Refúgio para a impressão de Bíblias

Refúgio para a impressão de Bíblias

DO REDATOR DE DESPERTAI! NA BÉLGICA

Há quase 500 anos, alguns dos primeiros exemplares da Bíblia completa foram produzidos em Antuérpia, Bélgica. O que atraiu impressores da Bíblia a essa cidade? Que riscos correram por imprimir a Bíblia? Para descobrir isso, remontemos ao início do século 16.

ANTUÉRPIA fica junto à foz do rio Schelde, a uns 90 quilômetros do mar do Norte. No século 16, durante a sua fase áurea, a cidade atingiu uma prosperidade econômica sem precedentes. Ela se expandiu rapidamente, tornando-se o maior porto da Europa e uma das poucas cidades da Europa Ocidental com mais de 100.000 habitantes.

O crescimento atraiu mercadores de toda a Europa e isso, aliado à crescente prosperidade, contribuiu para que as autoridades municipais tivessem uma atitude mais tolerante. Antuérpia tornou-se assim um centro de idéias vanguardistas, e seu clima liberal atraiu impressores que achavam que ali era um lugar seguro para imprimir e divulgar novas idéias. No século 16, a cidade chegou a abrigar 271 impressores, editores e vendedores de livros. Os magistrados da época se orgulhavam de descrevê-la como “refúgio e centro de todas as artes, ciências, nações e virtudes”.

Queima de livros e de monges

Entre as novas idéias publicadas e divulgadas estavam as de Martinho Lutero (1483-1546). Ele foi o líder da Reforma, movimento religioso que deu origem ao protestantismo. Apenas seis meses depois de iniciada a Reforma, as obras de Lutero já eram encontradas nas livrarias de Antuérpia. Naturalmente, isso não agradou a Igreja Católica, a qual, em julho de 1521, promoveu a queima em público de 400 livros considerados heréticos. Dois anos depois, dois monges agostinianos, simpatizantes das idéias de Lutero, foram queimados vivos na estaca.

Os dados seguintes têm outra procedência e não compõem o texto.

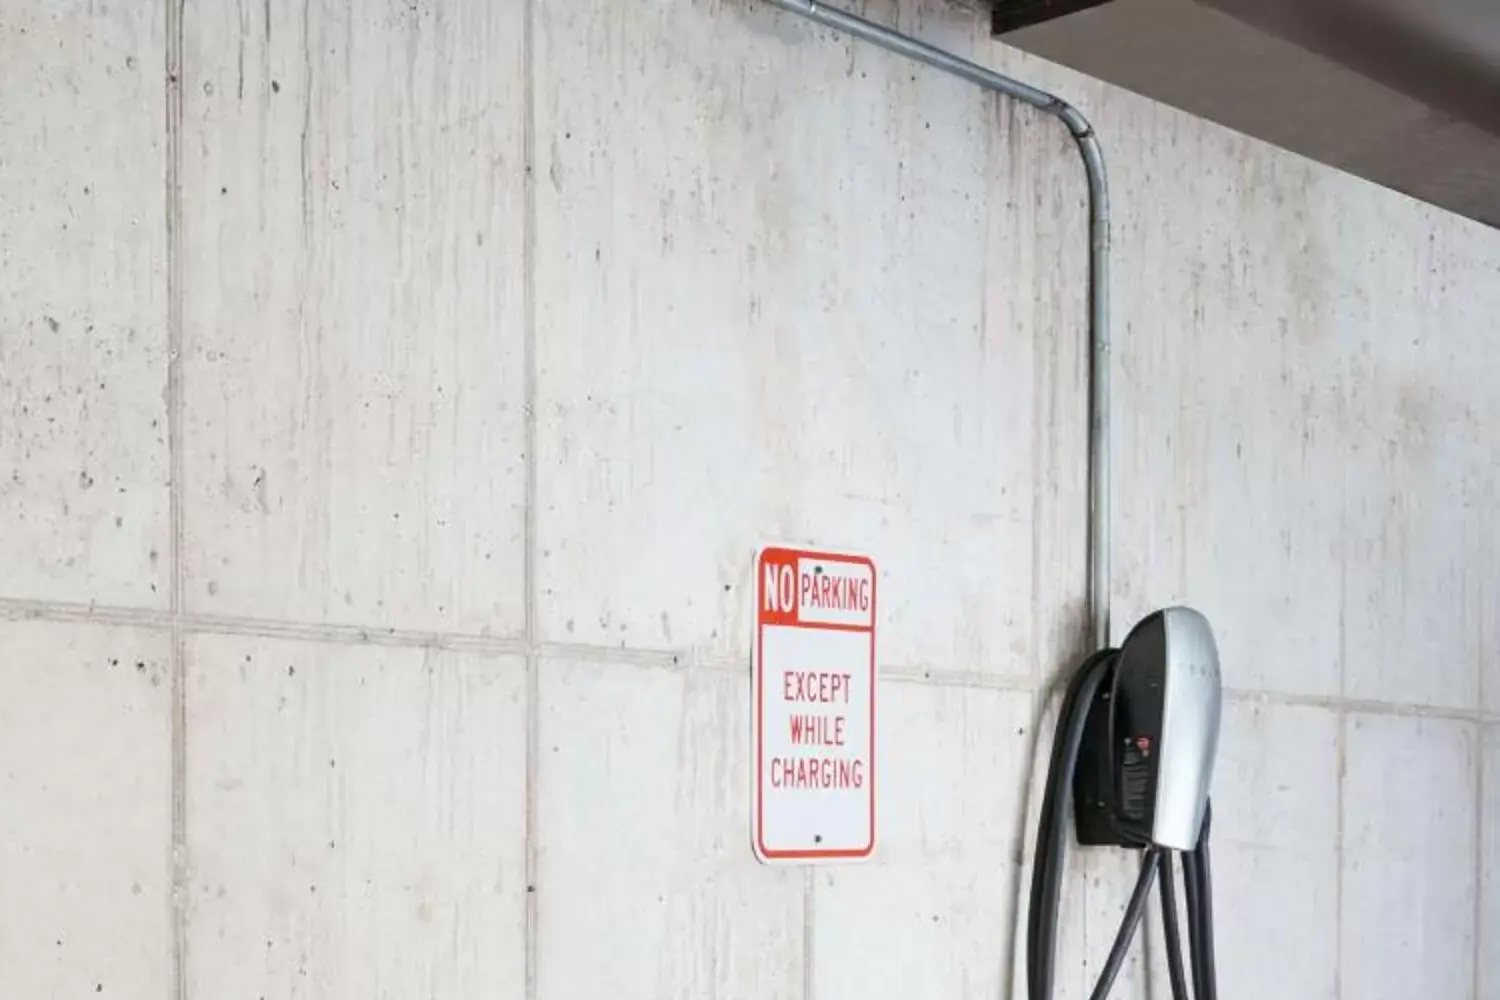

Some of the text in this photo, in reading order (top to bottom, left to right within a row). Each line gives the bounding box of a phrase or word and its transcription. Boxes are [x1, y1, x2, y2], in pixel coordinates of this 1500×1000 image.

Esses violentos atos de repressão não detiveram um grupo de destemidos editores de Antuérpia. A coragem demonstrada por eles foi crucial em tornar a Bíblia disponível ao homem comum. Vamos conhecer alguns deles.

Impressor que se tornou mártir

Adriaen van Berghen era impressor e vendedor de livros. Em 1522, ele foi colocado no tronco por vender livros de Lutero e logo depois foi sentenciado à prisão. Porém, assim que recebeu indulto, retomou o seu trabalho. Dessa vez imprimiu uma tradução para o holandês de trechos do “Novo Testamento” de Lutero, a qual foi publicada em 1523, apenas um ano após a publicação do “Novo Testamento” de Lutero em alemão.

Mas, em 1542, Van Berghen foi preso novamente quando uma grande quantidade de livros proscritos foi encontrada em sua casa em Delft, Holanda. Primeiro, o juiz lhe deu uma sentença leve — duas horas sobre um cadafalso, com “alguns livros proibidos pendurados no pescoço”. Porém mais tarde a sentença foi mudada para pena de morte, e o corajoso impressor foi decapitado com a espada.

Uma nota marginal que lhe custou a vida

Na época, o maior impressor de Bíblias em holandês era Jacob van Liesvelt. Ele publicou nesse idioma um total de 18 edições da Bíblia. Em 1526, imprimiu uma Bíblia completa em holandês. Em francês, a primeira edição impressa da Bíblia completa foi publicada quatro anos depois e, em inglês, somente nove anos depois. A Bíblia de Van Liesvelt baseava-se principalmente na versão alemã de Lutero que ainda não havia sido terminada.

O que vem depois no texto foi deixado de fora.